- What you will do
Please output all the entries word for word, without the pictures.

[Saved data entries]
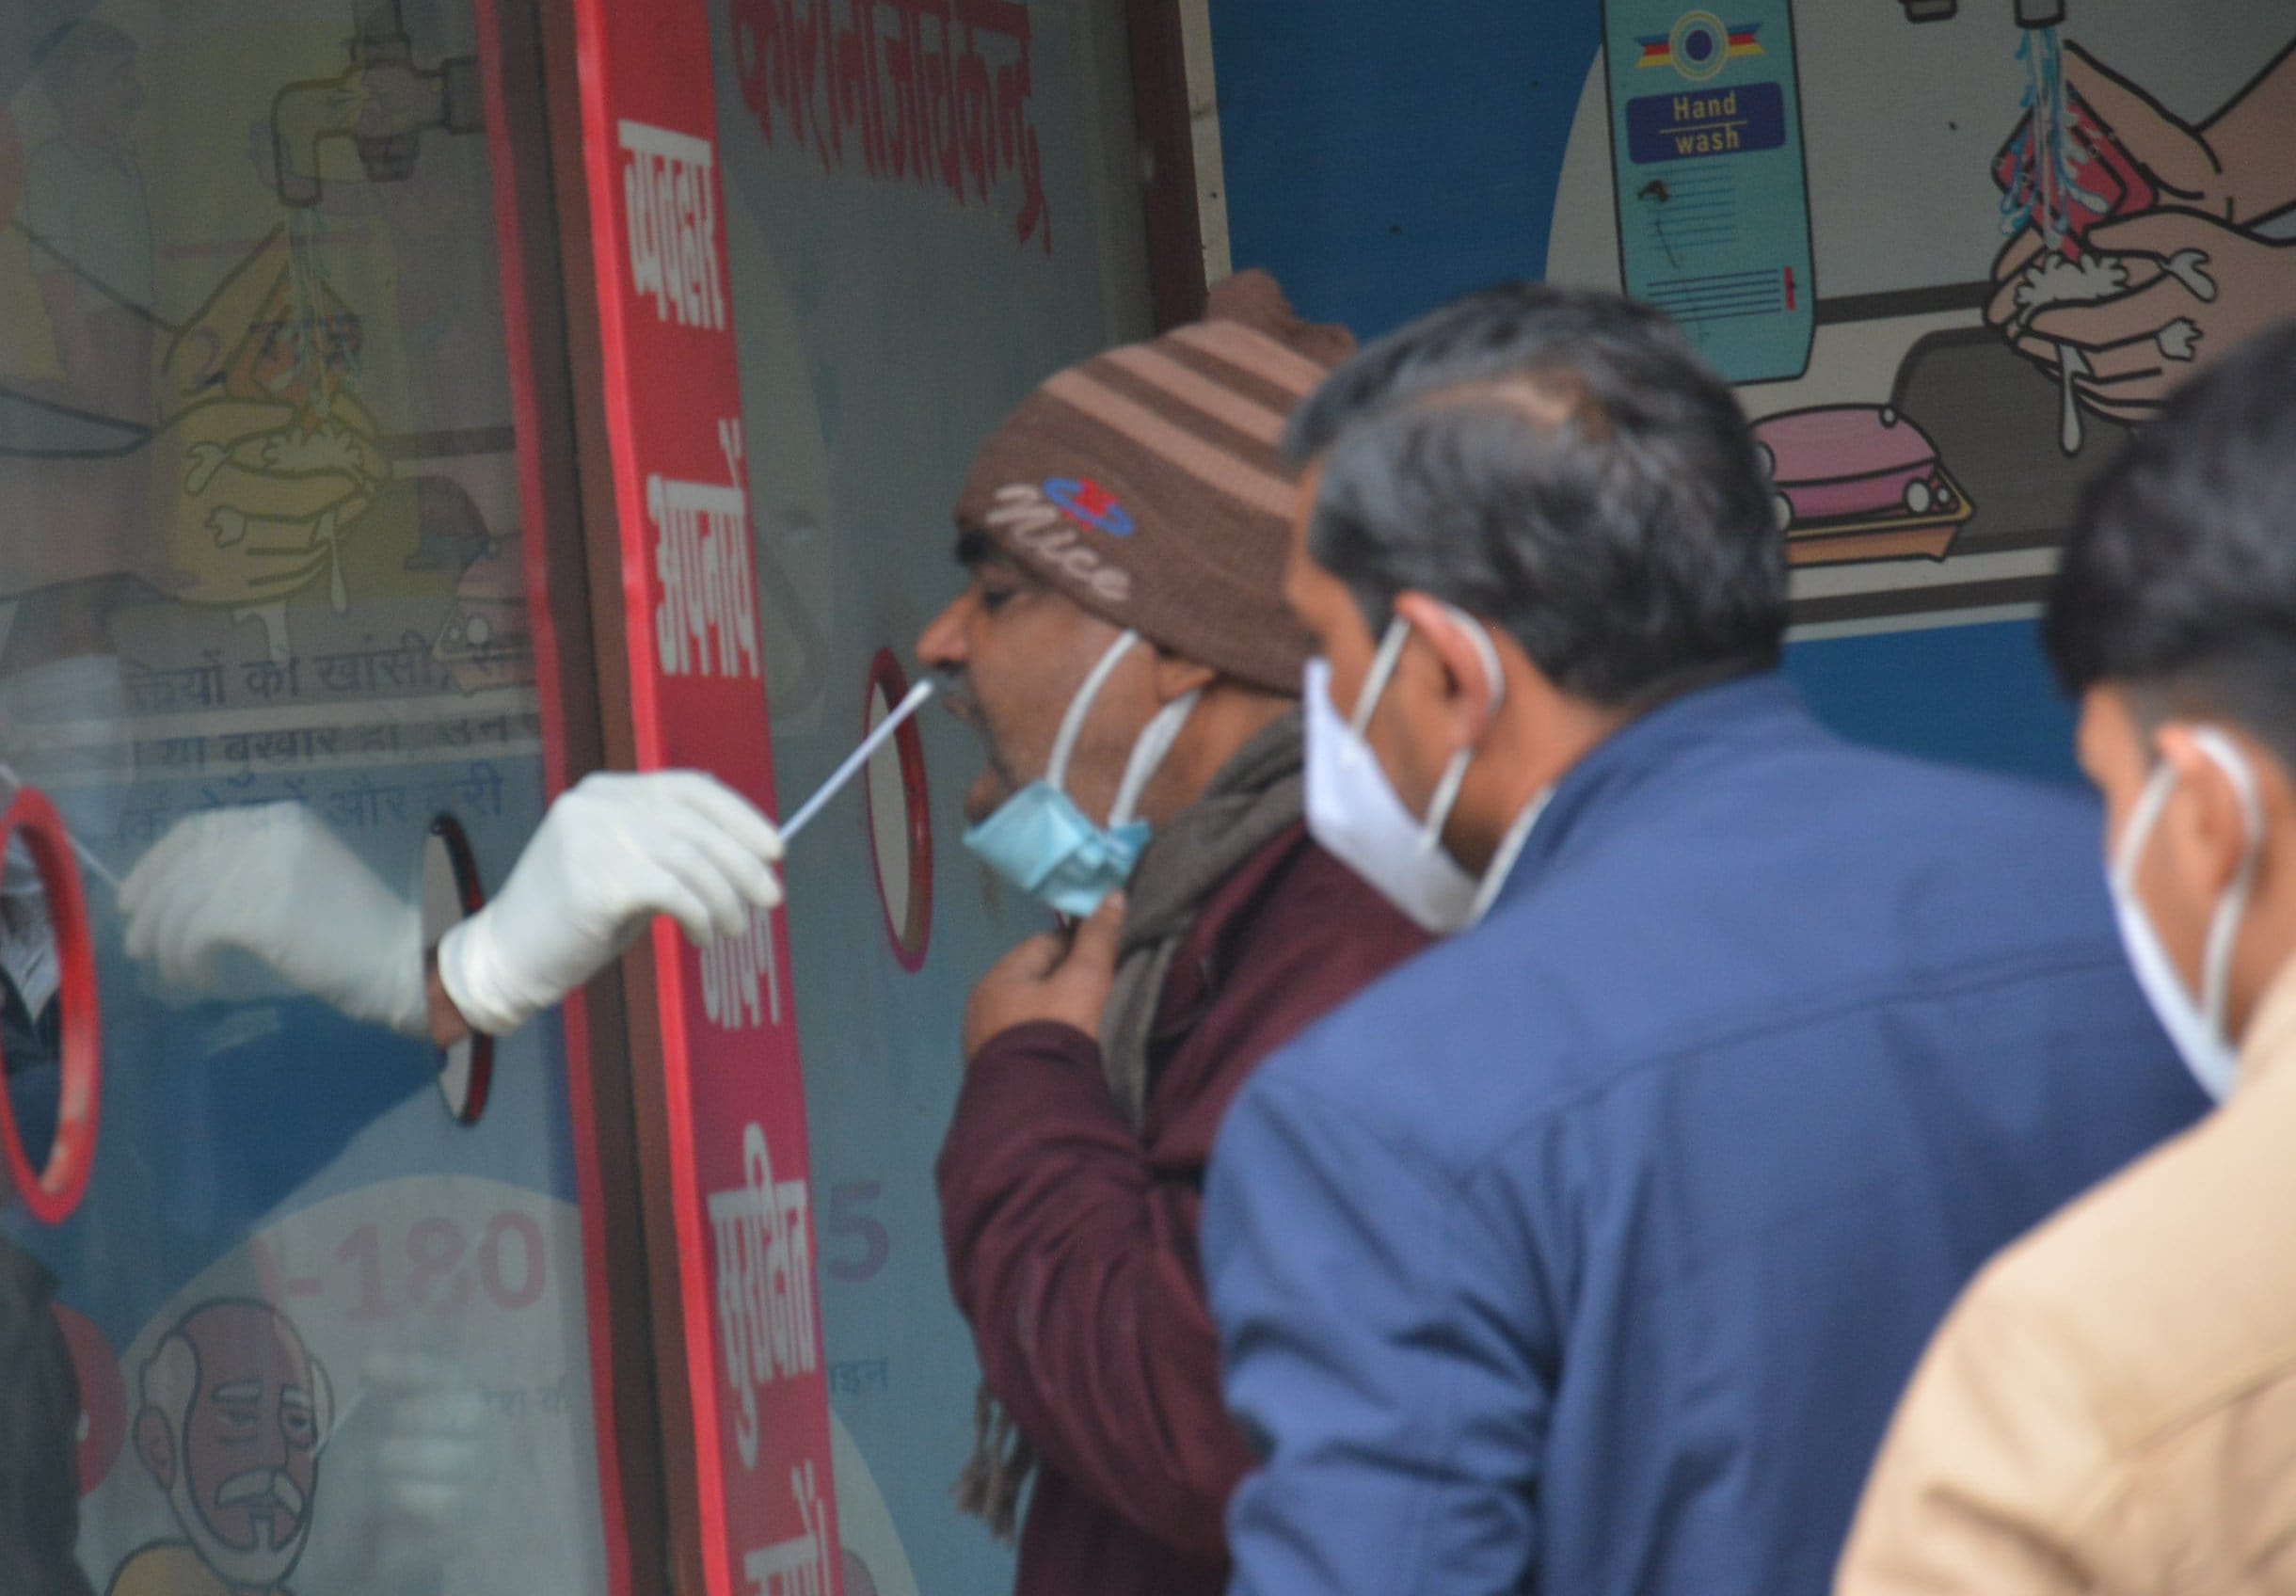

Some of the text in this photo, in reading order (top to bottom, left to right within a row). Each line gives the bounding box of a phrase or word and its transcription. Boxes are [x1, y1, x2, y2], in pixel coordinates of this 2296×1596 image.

[1673, 90, 1737, 121] Hand
[1675, 126, 1740, 155] wash
[986, 483, 1131, 602] Nice
[708, 1122, 817, 1470] सुरक्षित
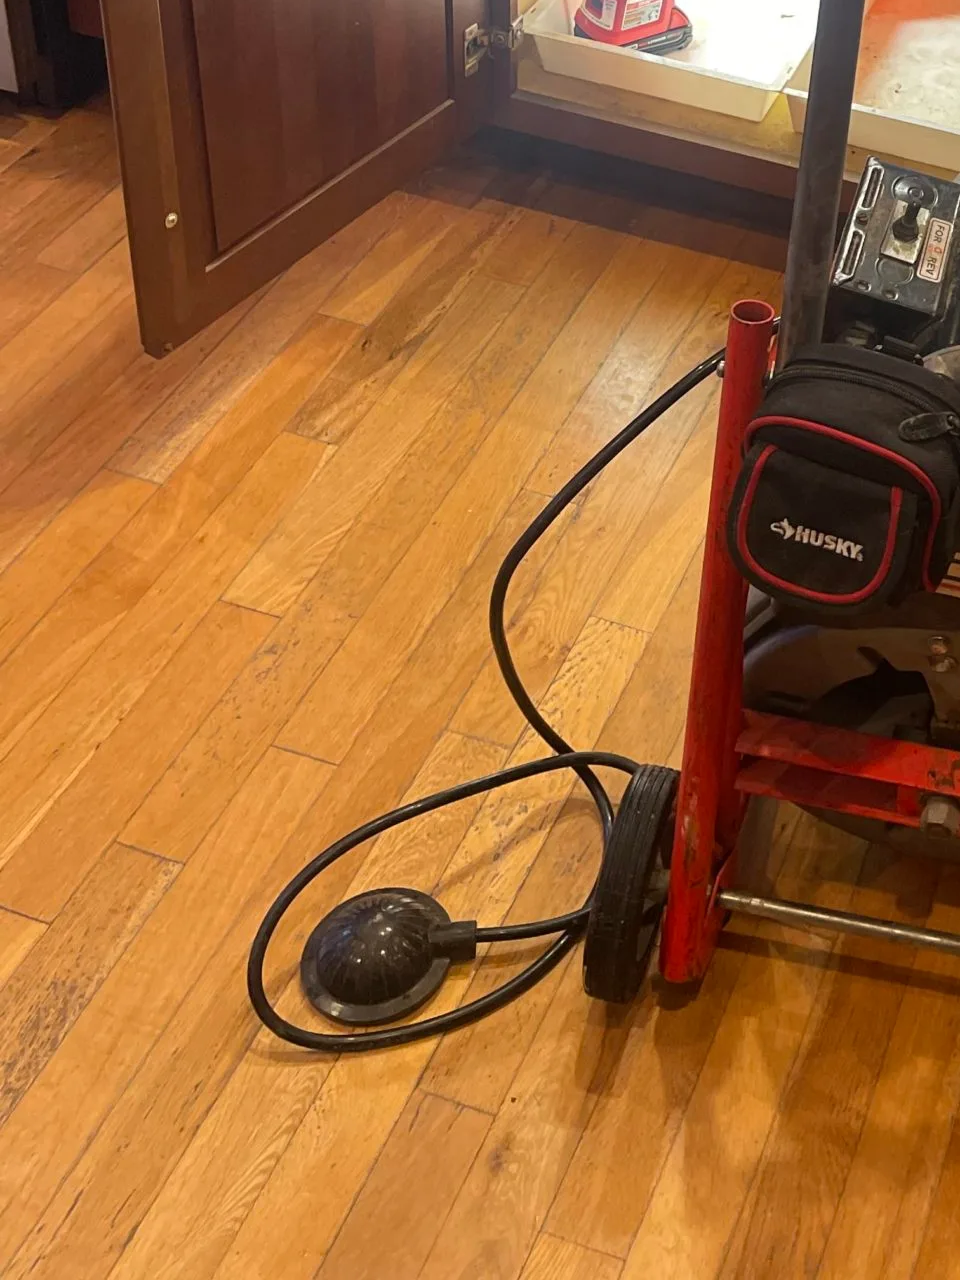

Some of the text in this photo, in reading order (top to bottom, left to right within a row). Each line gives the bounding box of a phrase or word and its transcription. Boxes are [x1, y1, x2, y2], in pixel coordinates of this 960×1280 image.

- Response below
Some of the text in this photo, in reading order (top to bottom, left to right within a row). Each line gives the bounding box of a phrase or word and its transcription. Boxes are [x1, y1, x2, y2], in pixel coordinates of this 2296×1596 image.

[1673, 90, 1737, 121] Hand
[1675, 126, 1740, 155] wash
[986, 483, 1131, 602] Nice
[708, 1122, 817, 1470] सुरक्षित

Some of the text in this photo, in reading order (top to bottom, left to right within a row). Each line gives the bounding box of a phrase or word and its transcription. Boxes are [x1, y1, x2, y2], in pixel coordinates of this 960×1280 image.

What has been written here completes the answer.